DESCRIPTION OF THE TASK —
The answer is to be the full listing, unchanged in every line.

"""

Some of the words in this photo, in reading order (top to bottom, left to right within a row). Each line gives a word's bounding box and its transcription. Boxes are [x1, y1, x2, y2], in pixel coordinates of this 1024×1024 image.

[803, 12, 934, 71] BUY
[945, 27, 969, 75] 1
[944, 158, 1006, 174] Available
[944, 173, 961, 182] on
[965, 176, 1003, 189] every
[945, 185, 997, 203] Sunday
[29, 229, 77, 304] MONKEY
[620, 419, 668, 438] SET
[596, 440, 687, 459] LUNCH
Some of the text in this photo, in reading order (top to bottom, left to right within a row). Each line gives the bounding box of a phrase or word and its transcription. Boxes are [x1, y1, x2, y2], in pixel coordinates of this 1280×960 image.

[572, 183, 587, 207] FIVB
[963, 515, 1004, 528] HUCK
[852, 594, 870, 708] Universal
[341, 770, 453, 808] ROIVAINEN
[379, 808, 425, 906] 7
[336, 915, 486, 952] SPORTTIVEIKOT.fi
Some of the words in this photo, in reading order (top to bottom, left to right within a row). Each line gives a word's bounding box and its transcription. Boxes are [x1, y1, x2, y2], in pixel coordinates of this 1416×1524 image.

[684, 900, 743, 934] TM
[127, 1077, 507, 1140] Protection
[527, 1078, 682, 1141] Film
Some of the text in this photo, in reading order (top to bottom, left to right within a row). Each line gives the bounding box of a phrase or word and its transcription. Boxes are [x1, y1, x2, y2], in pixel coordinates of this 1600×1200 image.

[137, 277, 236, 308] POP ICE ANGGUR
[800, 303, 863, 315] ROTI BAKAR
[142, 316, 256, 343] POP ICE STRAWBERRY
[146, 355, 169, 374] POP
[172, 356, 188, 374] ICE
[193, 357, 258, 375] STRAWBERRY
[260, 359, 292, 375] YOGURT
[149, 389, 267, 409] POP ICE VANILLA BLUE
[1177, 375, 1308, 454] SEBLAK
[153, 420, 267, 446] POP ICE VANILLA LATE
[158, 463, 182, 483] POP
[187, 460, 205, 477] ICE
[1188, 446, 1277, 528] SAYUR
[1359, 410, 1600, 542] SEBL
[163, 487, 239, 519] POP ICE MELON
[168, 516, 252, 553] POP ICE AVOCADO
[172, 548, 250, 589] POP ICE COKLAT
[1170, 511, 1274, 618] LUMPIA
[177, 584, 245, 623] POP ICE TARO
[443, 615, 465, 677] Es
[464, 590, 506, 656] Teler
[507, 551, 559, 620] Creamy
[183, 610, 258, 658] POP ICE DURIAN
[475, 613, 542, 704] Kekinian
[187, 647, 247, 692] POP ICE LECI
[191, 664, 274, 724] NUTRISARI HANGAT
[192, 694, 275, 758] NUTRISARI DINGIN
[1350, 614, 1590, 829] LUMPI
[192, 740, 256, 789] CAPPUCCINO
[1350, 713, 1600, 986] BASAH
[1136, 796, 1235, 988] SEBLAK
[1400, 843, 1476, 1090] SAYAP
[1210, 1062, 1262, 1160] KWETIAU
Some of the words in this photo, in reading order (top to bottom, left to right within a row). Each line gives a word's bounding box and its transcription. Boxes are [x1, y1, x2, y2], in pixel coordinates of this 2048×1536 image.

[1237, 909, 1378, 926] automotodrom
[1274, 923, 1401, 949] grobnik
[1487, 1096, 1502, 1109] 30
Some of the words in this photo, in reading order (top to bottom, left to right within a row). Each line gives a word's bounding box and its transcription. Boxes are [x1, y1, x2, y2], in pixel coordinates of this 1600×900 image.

"""

EXERCISE SOLUTION —
Some of the words in this photo, in reading order (top to bottom, left to right within a row). Each line gives a word's bounding box and its transcription. Boxes are [x1, y1, x2, y2], in pixel coordinates of this 1024×1024 image.

[803, 12, 934, 71] BUY
[945, 27, 969, 75] 1
[944, 158, 1006, 174] Available
[944, 173, 961, 182] on
[965, 176, 1003, 189] every
[945, 185, 997, 203] Sunday
[29, 229, 77, 304] MONKEY
[620, 419, 668, 438] SET
[596, 440, 687, 459] LUNCH
Some of the text in this photo, in reading order (top to bottom, left to right within a row). Each line gives the bounding box of a phrase or word and its transcription. Boxes are [x1, y1, x2, y2], in pixel coordinates of this 1280×960 image.

[572, 183, 587, 207] FIVB
[963, 515, 1004, 528] HUCK
[852, 594, 870, 708] Universal
[341, 770, 453, 808] ROIVAINEN
[379, 808, 425, 906] 7
[336, 915, 486, 952] SPORTTIVEIKOT.fi
Some of the words in this photo, in reading order (top to bottom, left to right within a row). Each line gives a word's bounding box and its transcription. Boxes are [x1, y1, x2, y2], in pixel coordinates of this 1416×1524 image.

[684, 900, 743, 934] TM
[127, 1077, 507, 1140] Protection
[527, 1078, 682, 1141] Film
Some of the text in this photo, in reading order (top to bottom, left to right within a row). Each line gives the bounding box of a phrase or word and its transcription. Boxes are [x1, y1, x2, y2], in pixel coordinates of this 1600×1200 image.

[137, 277, 236, 308] POP ICE ANGGUR
[800, 303, 863, 315] ROTI BAKAR
[142, 316, 256, 343] POP ICE STRAWBERRY
[146, 355, 169, 374] POP
[172, 356, 188, 374] ICE
[193, 357, 258, 375] STRAWBERRY
[260, 359, 292, 375] YOGURT
[149, 389, 267, 409] POP ICE VANILLA BLUE
[1177, 375, 1308, 454] SEBLAK
[153, 420, 267, 446] POP ICE VANILLA LATE
[158, 463, 182, 483] POP
[187, 460, 205, 477] ICE
[1188, 446, 1277, 528] SAYUR
[1359, 410, 1600, 542] SEBL
[163, 487, 239, 519] POP ICE MELON
[168, 516, 252, 553] POP ICE AVOCADO
[172, 548, 250, 589] POP ICE COKLAT
[1170, 511, 1274, 618] LUMPIA
[177, 584, 245, 623] POP ICE TARO
[443, 615, 465, 677] Es
[464, 590, 506, 656] Teler
[507, 551, 559, 620] Creamy
[183, 610, 258, 658] POP ICE DURIAN
[475, 613, 542, 704] Kekinian
[187, 647, 247, 692] POP ICE LECI
[191, 664, 274, 724] NUTRISARI HANGAT
[192, 694, 275, 758] NUTRISARI DINGIN
[1350, 614, 1590, 829] LUMPI
[192, 740, 256, 789] CAPPUCCINO
[1350, 713, 1600, 986] BASAH
[1136, 796, 1235, 988] SEBLAK
[1400, 843, 1476, 1090] SAYAP
[1210, 1062, 1262, 1160] KWETIAU
Some of the words in this photo, in reading order (top to bottom, left to right within a row). Each line gives a word's bounding box and its transcription. Boxes are [x1, y1, x2, y2], in pixel coordinates of this 2048×1536 image.

[1237, 909, 1378, 926] automotodrom
[1274, 923, 1401, 949] grobnik
[1487, 1096, 1502, 1109] 30
Some of the words in this photo, in reading order (top to bottom, left to right within a row). Each line gives a word's bounding box and its transcription. Boxes are [x1, y1, x2, y2], in pixel coordinates of this 1600×900 image.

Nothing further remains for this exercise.